The rain came, the rain went, and holding my breath I pranced across Union Square in my see-through raincoat, in my plastic poncho, sidestepping oblong puddles, sidestepping backbreaking cracks, and trying my very best not to drop or spill the gourmet gift I was cradling closer than closer to my teeter-tottering chest.
Like a wet wraith I hovered up to the 14th Street-Union Square subway station.
“So guess what?” shuffling underneath the awning and handing my favorite preacher a cup of Ethiopian Yirgacheffe—which obviously his demon-black tongue immediately slurped up without even pretending to savor all the delicate flavors or wasting any time to say, “Hi, Zoe, thank you so very much! How have you been? You know, I’ve really missed you!” But I guess I couldn’t really blame him. Not really. Not when he was sitting and growling all by himself on his collapsible step stool, with five bloody fingernails picking at his seaweed dreadlocks, at the vomit crabs on his extra-large jean jacket, and with like nobody around to hear him preach or shriek or sing or nothing . . . Yea, I definitely couldn’t help but feel sorry for the poor bastard. Because I mean I’d like definitely be grumpy too if no one came to my outdoor recital. If like everybody canceled because of the stupid weather and nobody even cared enough to RSVP or text or call or nothing. Oh I’d definitely be grumpy too . . .

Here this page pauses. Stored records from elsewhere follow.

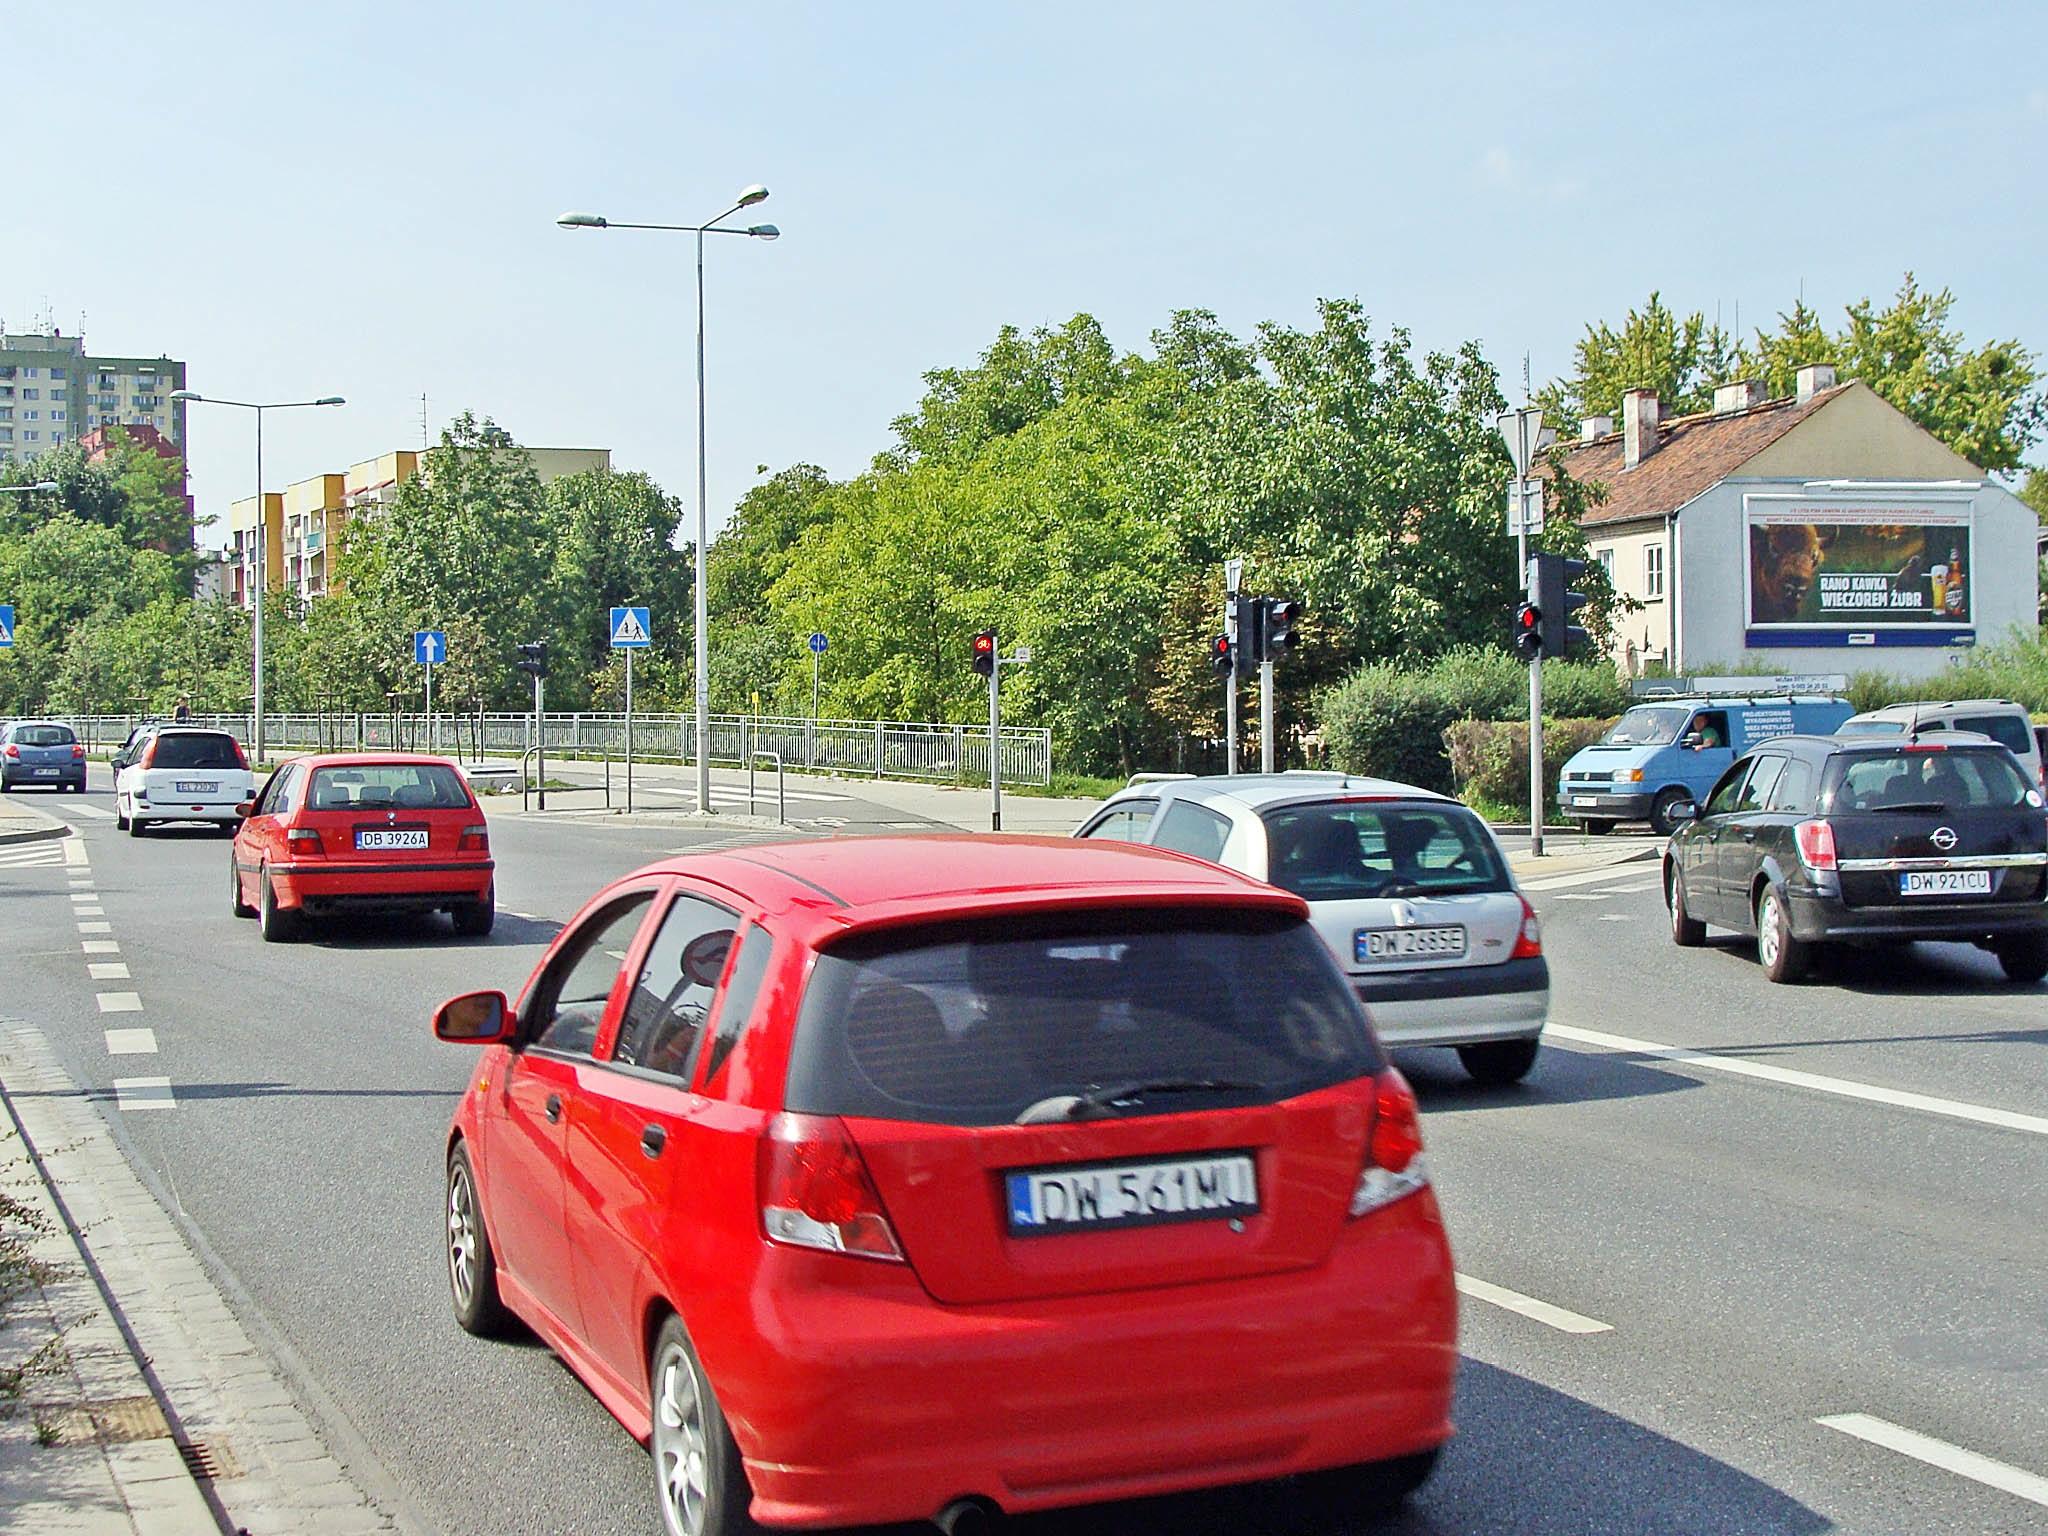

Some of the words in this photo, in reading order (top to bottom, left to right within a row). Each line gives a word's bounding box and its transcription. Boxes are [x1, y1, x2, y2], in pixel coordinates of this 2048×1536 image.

[1821, 577, 1850, 590] RANO
[1852, 577, 1887, 590] KAWKA
[1821, 592, 1887, 607] WIECZOREM
[1890, 589, 1922, 607] ŻUBR
[364, 833, 383, 846] DB
[387, 832, 426, 845] 3926A
[1911, 874, 1933, 890] DW
[1939, 873, 1987, 889] 921CU
[1370, 933, 1399, 954] DW
[1041, 1176, 1101, 1221] DW

Burping, groaning, burping Giacomo crushed the empty cup under his black combat boots and growled up at me. “What, are you fucking ready to focus on the salvation of your immortal fucking soul? Ey?”
I sighed. “Uh, no, definitely not.” I wiped my scratched windshields. “But I met with one of my old professors and he said we totally might have a box-office hit on our hands. He said it’s a really promising start. And you literally have no idea how big of a deal this guy is. He’s huge. He’s massive. Plus he’s got like a ton of Hollywood connections and he told me he was totally willing to help us find a—”

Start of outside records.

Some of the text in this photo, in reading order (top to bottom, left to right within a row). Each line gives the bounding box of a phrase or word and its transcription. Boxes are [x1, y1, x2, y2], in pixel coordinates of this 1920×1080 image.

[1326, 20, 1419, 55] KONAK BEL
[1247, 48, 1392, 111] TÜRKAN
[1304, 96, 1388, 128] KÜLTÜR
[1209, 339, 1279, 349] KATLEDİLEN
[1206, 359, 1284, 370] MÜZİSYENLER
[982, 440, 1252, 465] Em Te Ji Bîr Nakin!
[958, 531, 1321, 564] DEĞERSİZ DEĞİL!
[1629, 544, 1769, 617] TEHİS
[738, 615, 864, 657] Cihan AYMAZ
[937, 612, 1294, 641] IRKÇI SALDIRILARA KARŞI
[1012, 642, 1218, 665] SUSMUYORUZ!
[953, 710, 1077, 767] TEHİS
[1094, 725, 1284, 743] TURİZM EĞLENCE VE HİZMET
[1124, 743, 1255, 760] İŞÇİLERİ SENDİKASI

“I don’t give a flying fuck!” Giacomo croaked and coughed. “Can’t you fucking see I’m busy here? Ey? Can’t you fucking see what I’m doing here? Ey! Go find another motherfucker to help you with your meaningless shit!”
“Ugh, whatever,” rolling my hamster eyes. “You know you really sound like my dad sometimes . . . Anyway, why don’t we take a walk or something? It looks like the rain’s letting up and I really need to stretch my legs. My quads are like seriously killing me from all the lifting I’ve been doing at the gallery. Plus I—”
“Jesus fucking Christ! Is this a fucking joke! Are you trying to fuck with me? How many times do I have to tell you to leave me the fuck—”
“I’ll buy you another cup of coffee,” I quickly added with my very best suburban smile and curtsy, fluttering my eyelashes and waving a five-dollar bill across my lovable lips . . .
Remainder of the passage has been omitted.